WORK TO COMPLETE.
Each line from the one containing "this 1904×1428 image." to the last line of the listing below must be reproduced exactly, and nothing more.

GIVEN DATA.
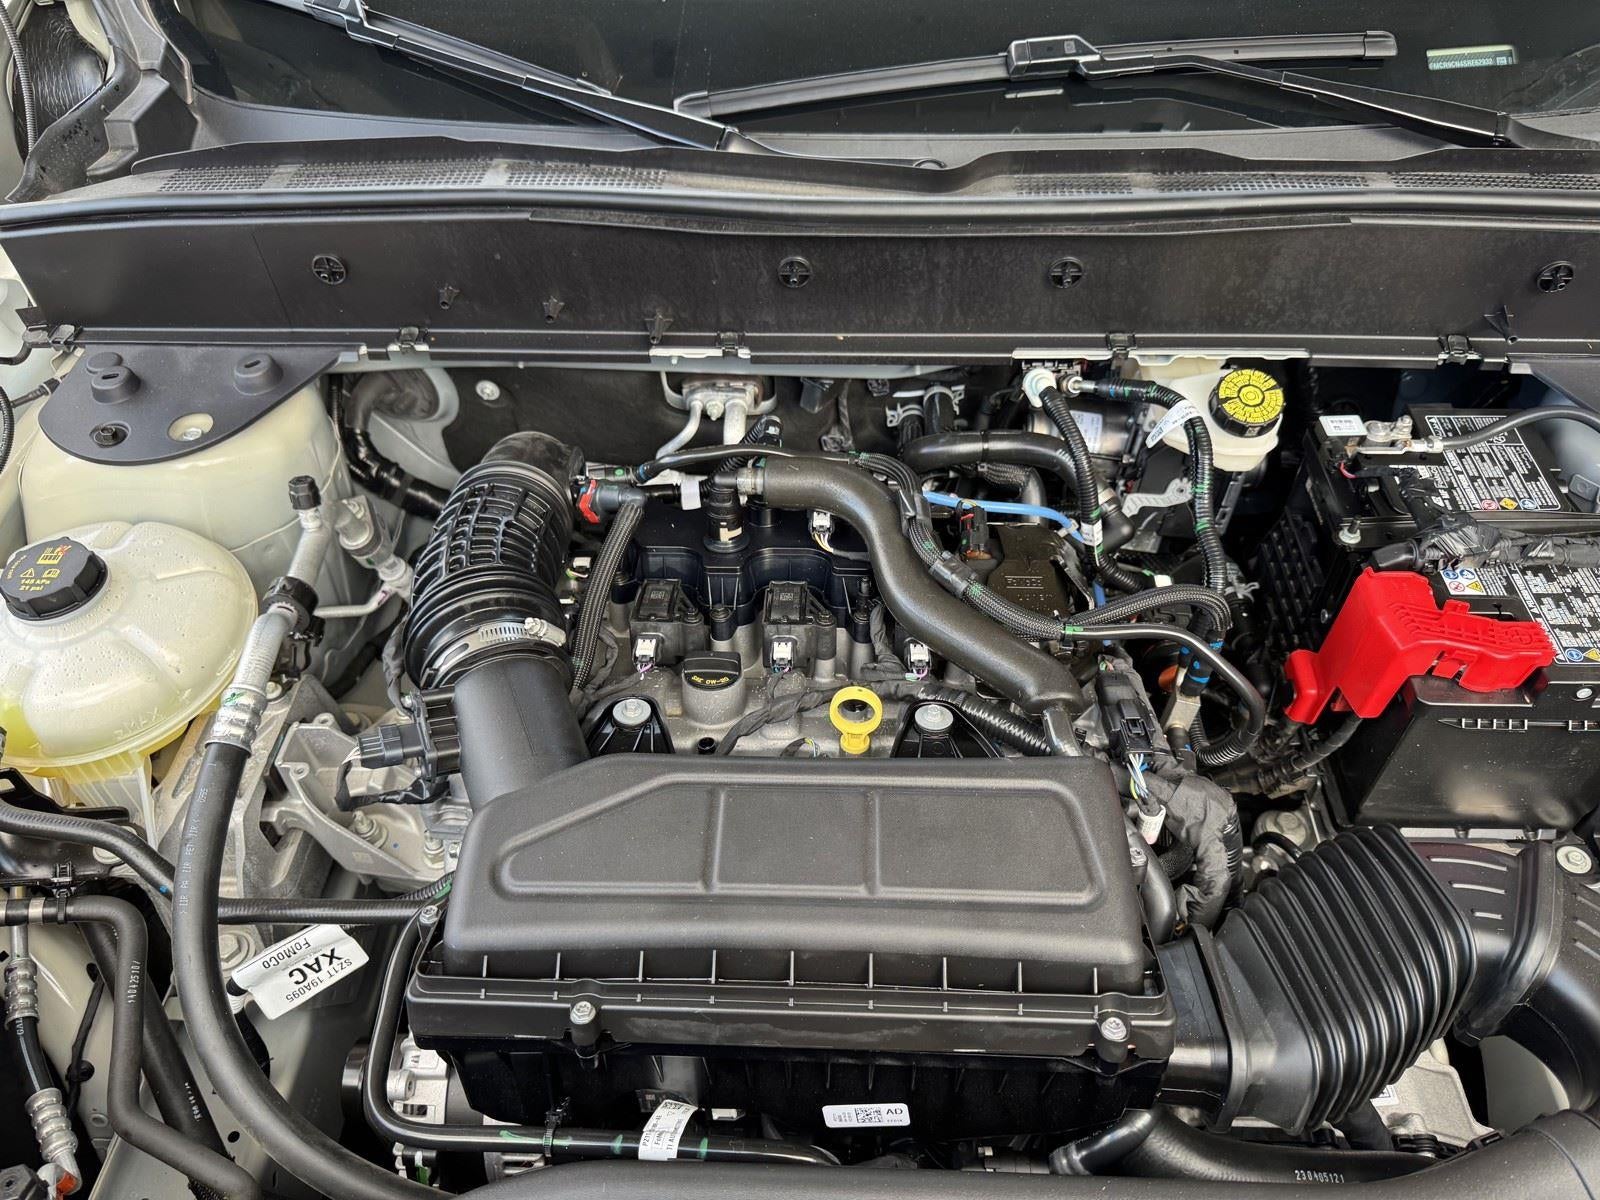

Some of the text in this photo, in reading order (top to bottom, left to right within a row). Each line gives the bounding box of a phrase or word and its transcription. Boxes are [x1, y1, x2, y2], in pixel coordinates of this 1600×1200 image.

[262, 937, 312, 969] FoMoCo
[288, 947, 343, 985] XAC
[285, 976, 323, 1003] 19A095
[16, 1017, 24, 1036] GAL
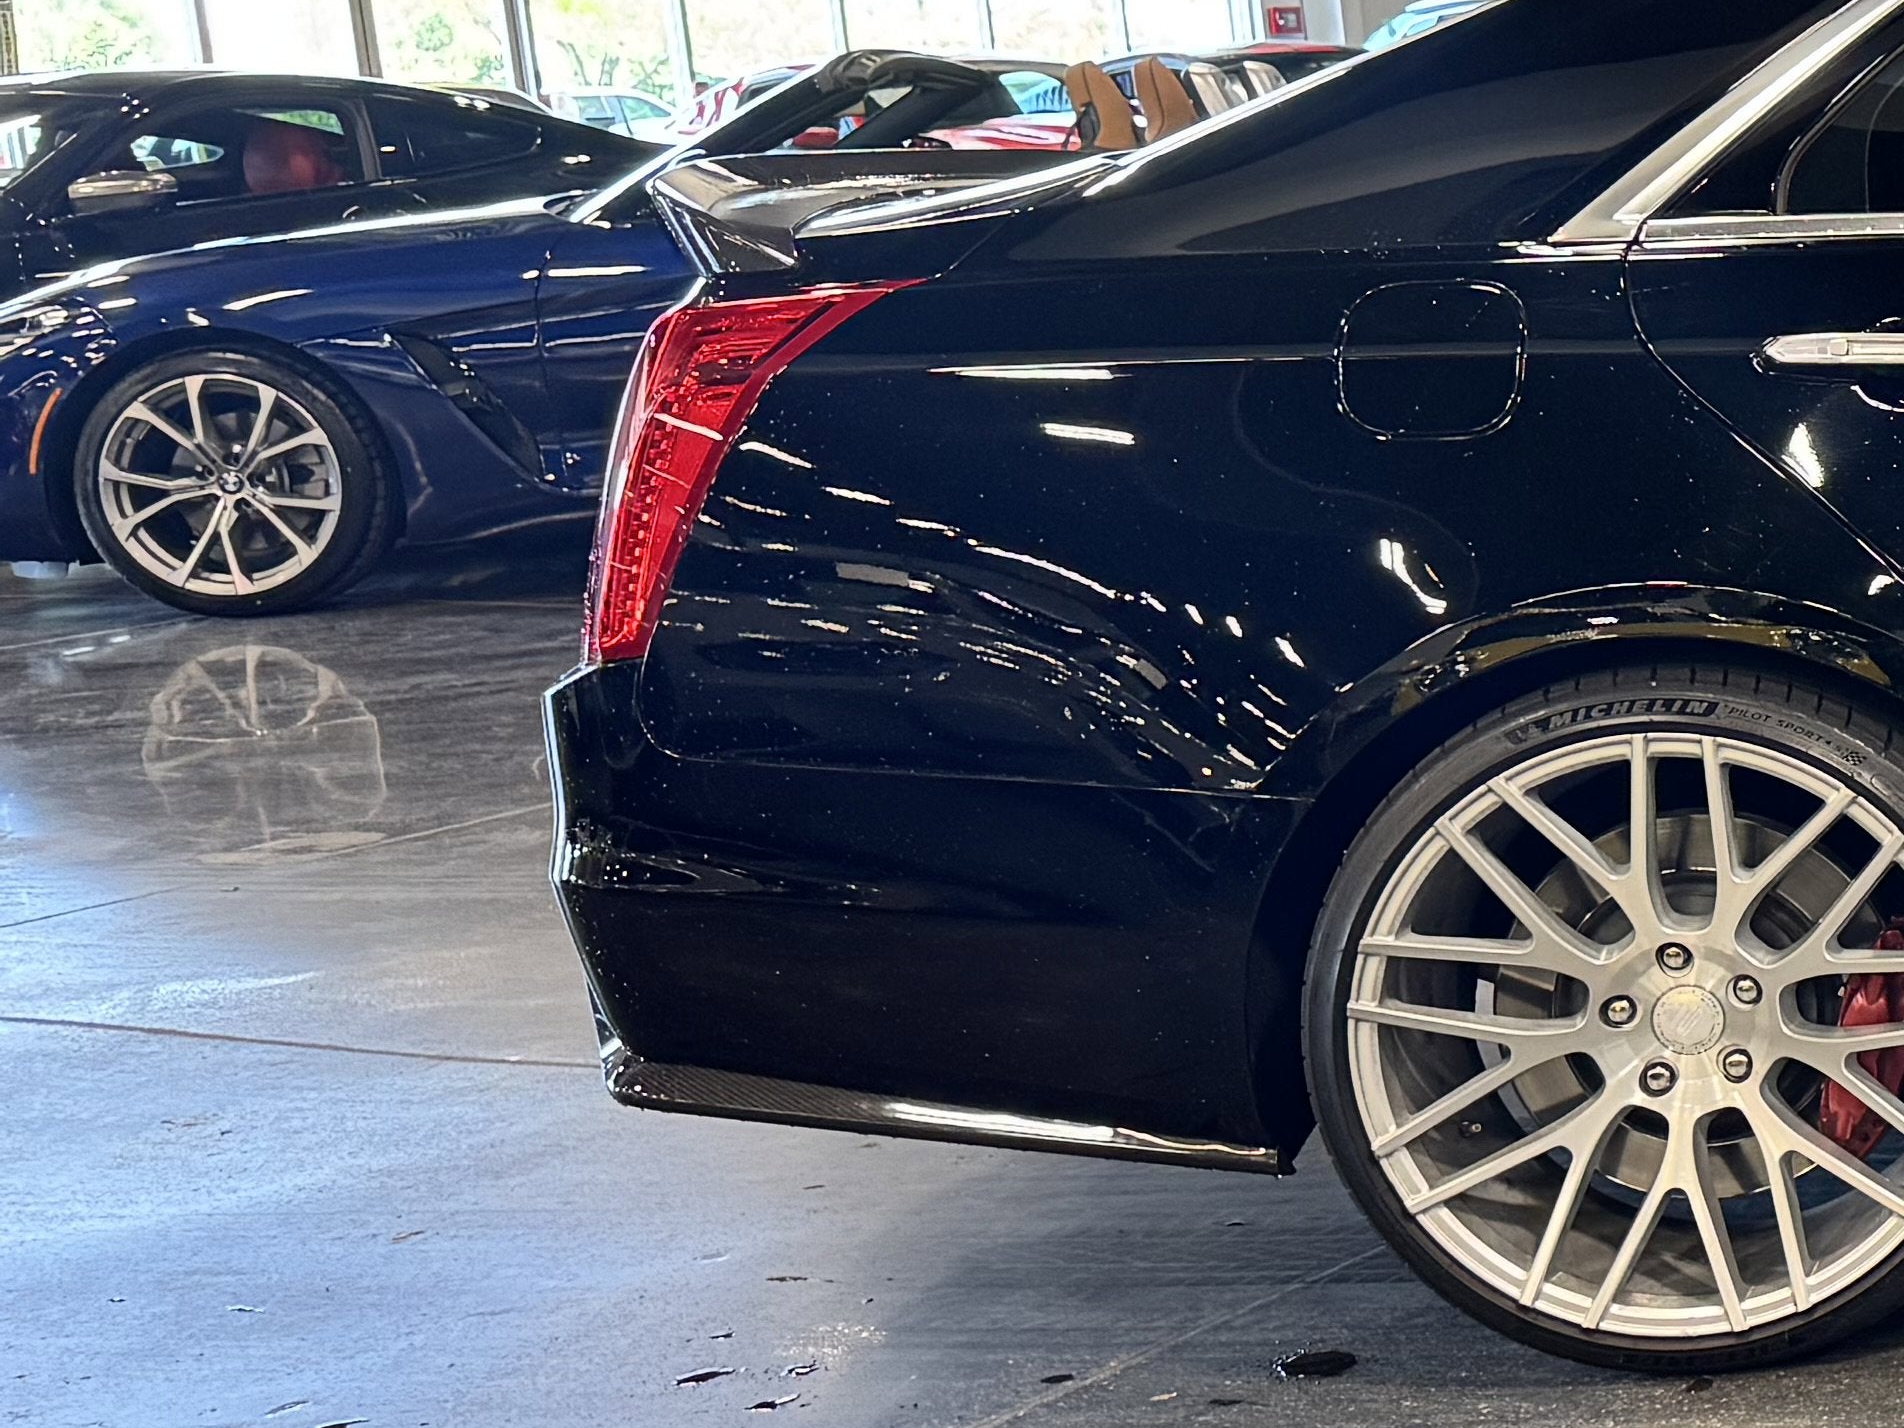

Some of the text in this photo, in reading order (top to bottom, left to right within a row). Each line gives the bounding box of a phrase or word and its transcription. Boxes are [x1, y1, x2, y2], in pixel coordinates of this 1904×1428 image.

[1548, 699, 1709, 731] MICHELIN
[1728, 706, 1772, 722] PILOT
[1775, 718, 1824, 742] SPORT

ANSWER SPACE.
Some of the text in this photo, in reading order (top to bottom, left to right within a row). Each line gives the bounding box of a phrase or word and its transcription. Boxes are [x1, y1, x2, y2], in pixel coordinates of this 1904×1428 image.

[1548, 699, 1709, 731] MICHELIN
[1728, 706, 1772, 722] PILOT
[1775, 718, 1824, 742] SPORT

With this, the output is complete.